DATASET EXTRACT.
= Beginning of Section =

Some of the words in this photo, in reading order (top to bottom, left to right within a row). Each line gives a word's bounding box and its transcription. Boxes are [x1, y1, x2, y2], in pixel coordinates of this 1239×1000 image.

= End of Section =
= Beginning of Section =

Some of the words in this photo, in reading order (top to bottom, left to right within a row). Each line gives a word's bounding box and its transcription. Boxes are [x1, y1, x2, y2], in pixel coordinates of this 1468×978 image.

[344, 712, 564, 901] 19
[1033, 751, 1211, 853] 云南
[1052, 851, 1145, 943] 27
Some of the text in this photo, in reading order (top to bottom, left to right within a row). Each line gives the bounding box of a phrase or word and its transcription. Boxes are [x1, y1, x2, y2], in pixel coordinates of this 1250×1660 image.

= End of Section =

DIRECTIONS FOR THIS TASK. From the records above, print exactly the lines that run from the line with "this 1468×978 image." to the line with "Some of the text", inclusive.

TASK SOLUTION.
Some of the words in this photo, in reading order (top to bottom, left to right within a row). Each line gives a word's bounding box and its transcription. Boxes are [x1, y1, x2, y2], in pixel coordinates of this 1468×978 image.

[344, 712, 564, 901] 19
[1033, 751, 1211, 853] 云南
[1052, 851, 1145, 943] 27
Some of the text in this photo, in reading order (top to bottom, left to right within a row). Each line gives the bounding box of a phrase or word and its transcription. Boxes are [x1, y1, x2, y2], in pixel coordinates of this 1250×1660 image.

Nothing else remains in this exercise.